Holly Bass — a multidisciplinary performance and visual artist, writer, director and SPACES’ artist-in-residency — explores the notions of personal safety and freedom in the midst of the global crisis with her latest work, called "Liberation Labs."
Originally, Bass set out to engage residents whose lives had been affected by the court system, but the arrival of the pandemic changed that path.
"[Her] residency shifted a great deal in response to the tragic events and global challenges of this year," said Tizziana Baldenebro, SPACES' executive director. "We are encouraged by the outcome, which is both poetic and mystical. Bass has a fantastic vision for the mutable nature of her work over time, so we will continue working closely, yet virtually. SPACES has always been a place for artists to explore and experiment, and this exhibition has been a great opportunity to learn how we can support shifting artistic endeavors amid the tumult."
I interviewed the D.C.-based ‘teaching artist’ to discuss her work, her residency and her current video series featured every Wednesday via Instagram as a forum to connect with community members and fellow artists.
“SPACES had the idea to do What If Wednesdays on Instagram… It’s nice to have a way to connect with people and answer questions. Even though it’s a regular series, I love that most people are finding it by chance, because they’re on Instagram and see the little live circle on their phones.”
At the opening of "Liberation Labs, a ‘living exhibition, I found Bass masked, in cream-colored coveralls and red, thick-rimmed glasses wielding what seemed to be a wood burning utensil. She hovered over an antique table with a video of hands rolling what resembled earth or clay into tiny balls projected above her.
The video installation was “Making Juju,” a video of her doing just that, her making the talismans or juju pouches, which the viewer could acquire in exchange for scribing a wish on a piece of paper and placing it into the drawer of the antique dresser on which the materials were placed as part of the piece entitled, “Juju on the beat.”
Bass explains: "At the beginning of the pandemic, even just walking to the grocery store after being alone inside for a couple weeks felt really fraught. I didn’t know how to be physically distanced but emotionally connected. I felt the need for simple magic and ritual in my life and I thought that others might as well. So I wrote some poems, or spells, and I made small juju pouches, which are really just a physical object that we imbue with magic. I invited people coming to the gallery to leave me a written wish in exchange for a juju pouch. Even people who can’t come to Cleveland can mail a written wish to the gallery and I will send them a juju pouch. And inside the gallery, I basically set up different imagination stations, if you will. Like a desk that will transfer creative energy if you hover your hands above two silver Mylar hand cut-outs. Or a chair above an electrical outlet that I turned into an imaginary energy portal. As a child I always loved children’s science museums and how they have so many hands-on stations. So I kind of created something similar, bearing in mind the need to be contact-free and socially distanced.”
As we navigate a society where there is increasing concern over police brutality against our citizens, Bass, through her work, is raising questions about what freedom is and what is it to feel safe in America.

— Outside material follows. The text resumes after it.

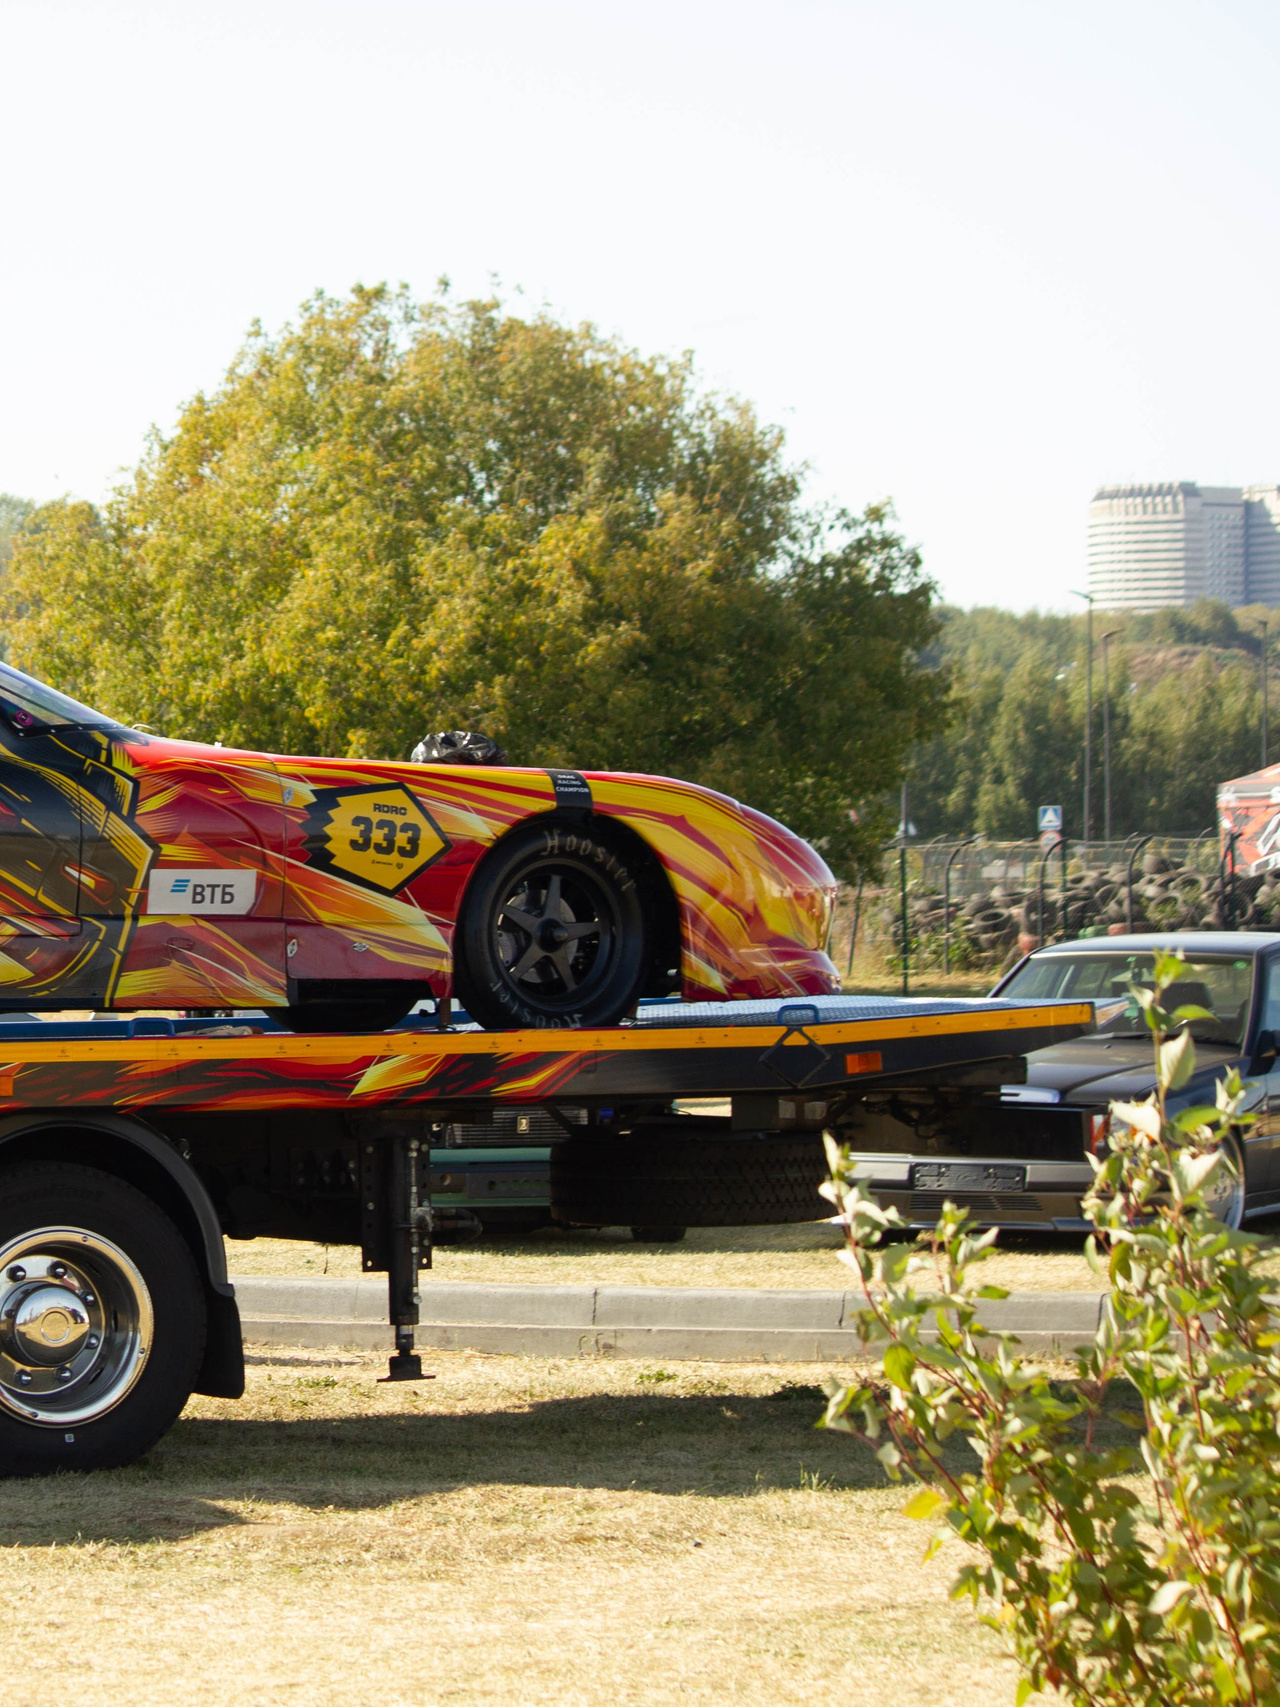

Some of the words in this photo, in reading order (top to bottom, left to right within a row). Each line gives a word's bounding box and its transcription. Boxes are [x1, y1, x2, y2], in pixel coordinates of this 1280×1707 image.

[373, 803, 407, 816] RDRC
[349, 815, 421, 859] 333
[191, 883, 235, 905] ВТБ

“I’m a teaching artist and spent four years running an arts program in the juvenile detention center in D.C. I developed a workshop called Liberation Labs where the students learned about different activists and freedom fighters through music and poetry. I wanted to do a variation here, working with a group of young people to learn about their experience with the court system in Cleveland and to create “liberation talismans”—basically imaginary devices that could protect you, say if the cops pulled you over. It might be a bullet-proof force field or a transporting device. The writer and activist adrienne marie browne says all organizing is science fiction because we’re trying to bring about a world we’ve never seen. So even though the devices would be imaginary, the real purpose is to remind us of the power we do have in real life and how so much of that power comes from being in community with each other.”

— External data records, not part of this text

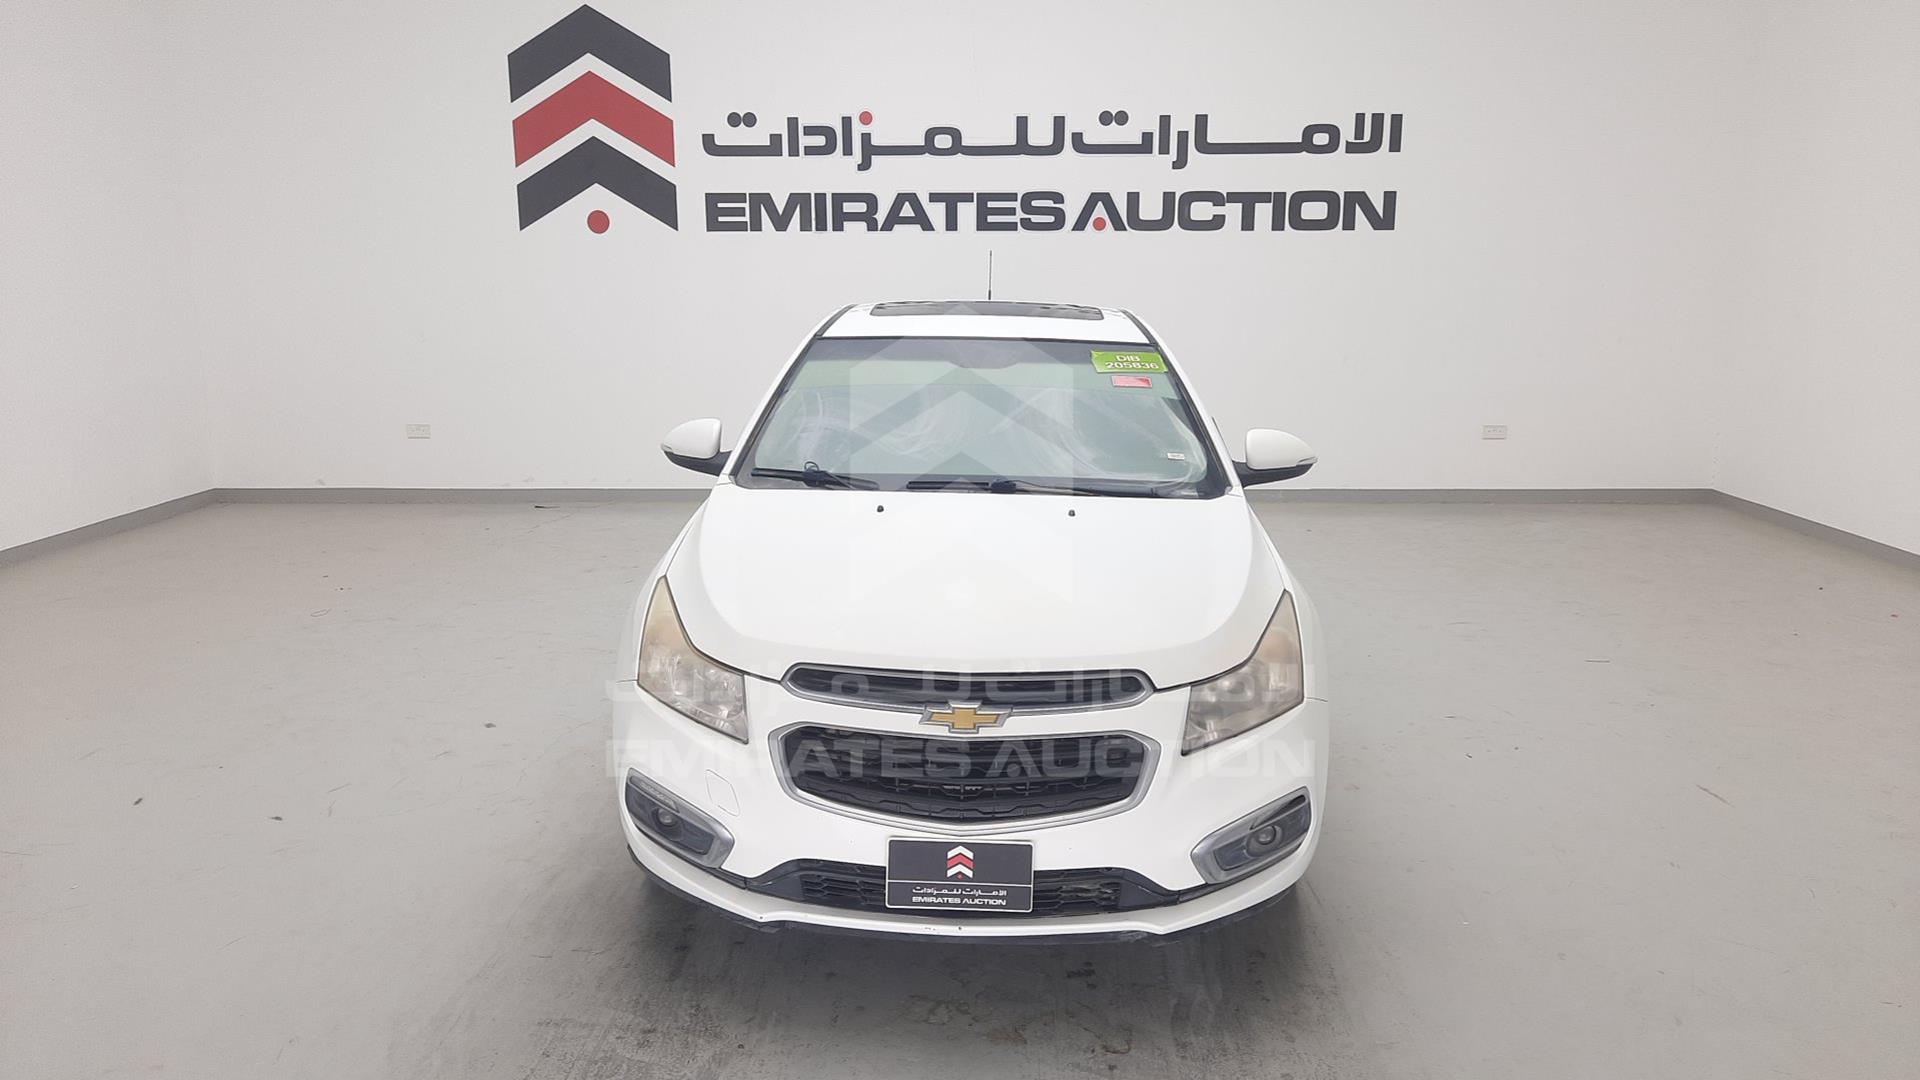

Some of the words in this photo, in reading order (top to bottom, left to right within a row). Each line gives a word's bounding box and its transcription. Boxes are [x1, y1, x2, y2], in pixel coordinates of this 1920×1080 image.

[701, 111, 1065, 171] للمزادات
[1071, 110, 1403, 169] الامارات
[705, 191, 1066, 232] EMIRATES
[1071, 190, 1397, 231] AUCTION
[912, 896, 961, 904] EMIRATES
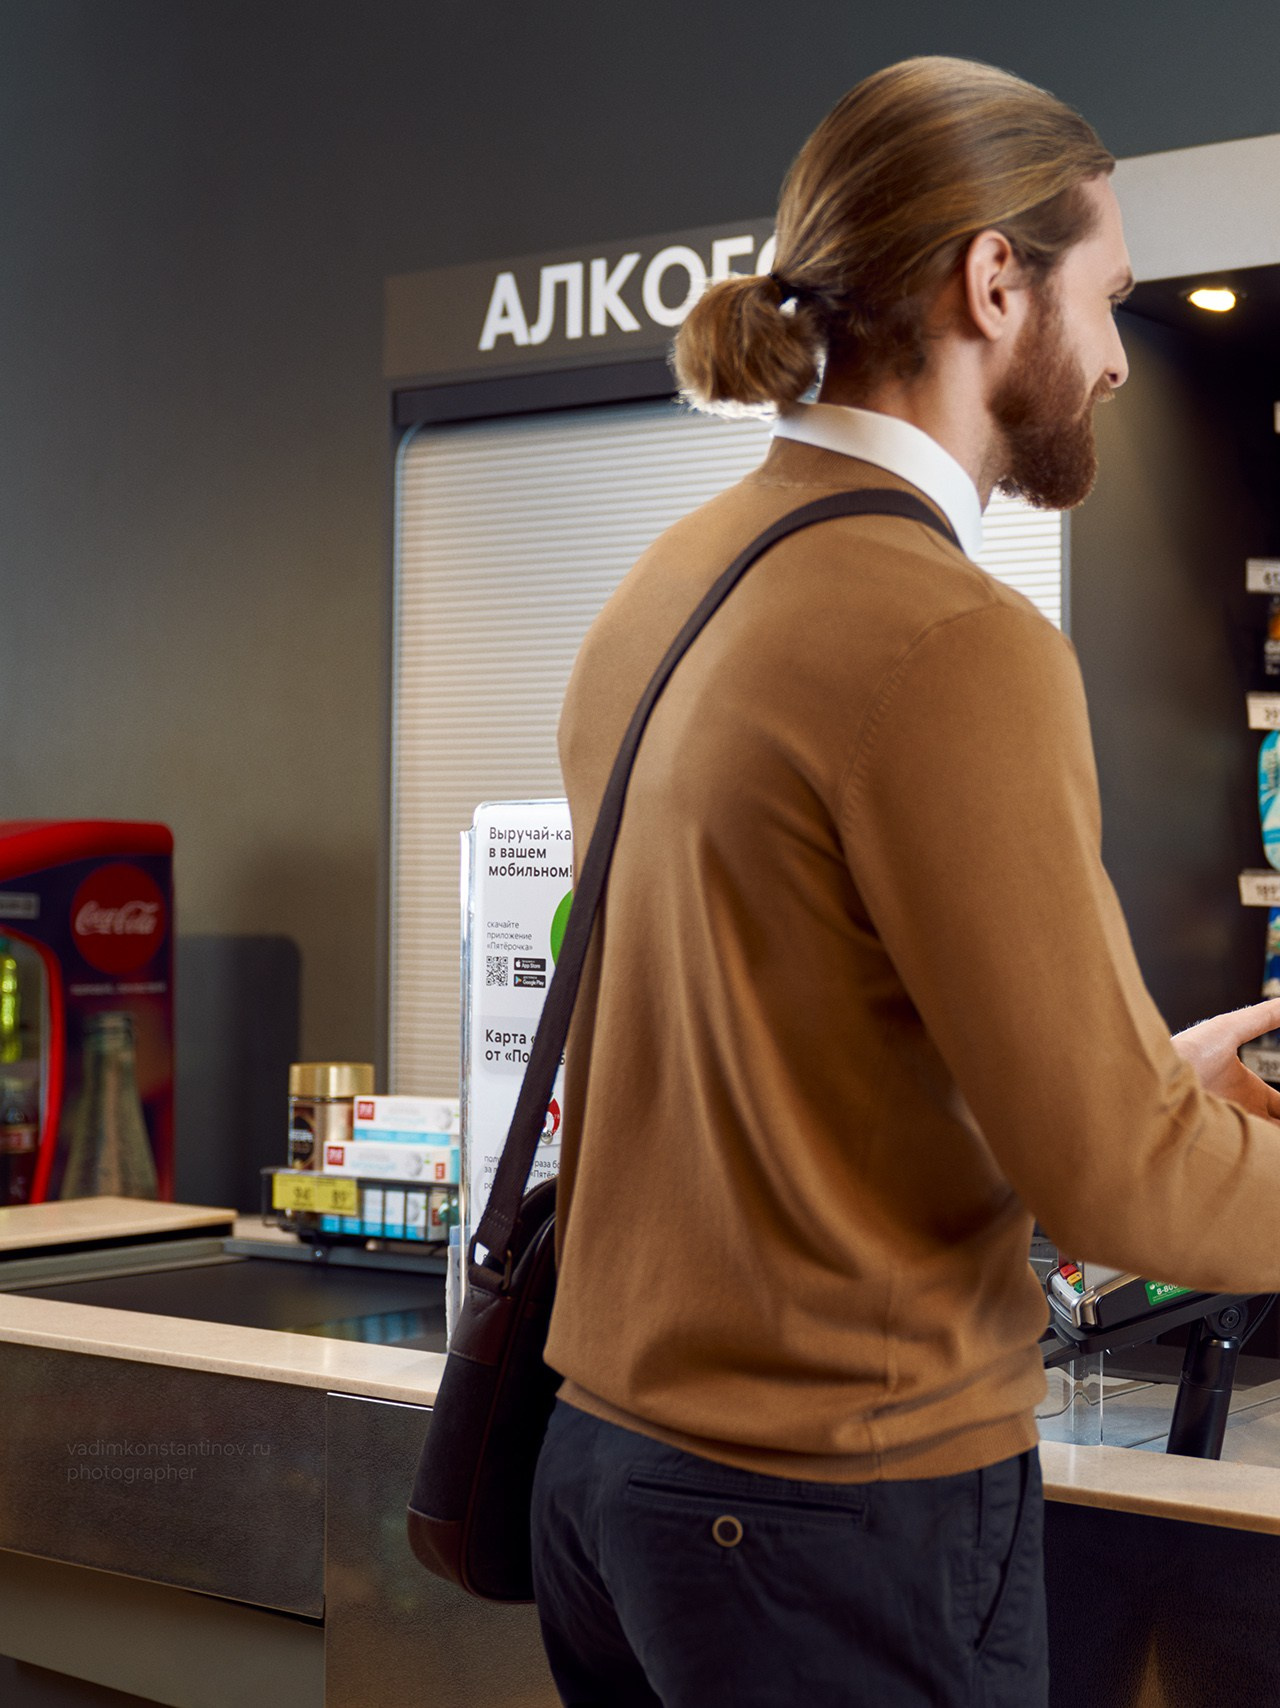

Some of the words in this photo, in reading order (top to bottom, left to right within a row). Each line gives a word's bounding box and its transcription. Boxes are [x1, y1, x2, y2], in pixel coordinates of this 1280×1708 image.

[489, 847, 496, 858] в
[500, 847, 547, 859] вашем
[487, 920, 519, 931] скачайте
[487, 932, 532, 942] приложение
[486, 1029, 526, 1046] Карта
[485, 1050, 501, 1061] от

Bass’ exhibition raises awareness, questions our reality and communicates a sense of poetic whimsy to the viewer.
I asked Bass what ‘Freedom’ means to her: “Freedom for me means I can walk through the world in the fullness of my being and not be threatened, coerced or limited by the body I was born into or the circumstances in which I live. Freedom also means that my brothers can experience that, too. And I mean my literal brothers, my mom, my dad, my cousins. But also my community and the broader family of humanity.”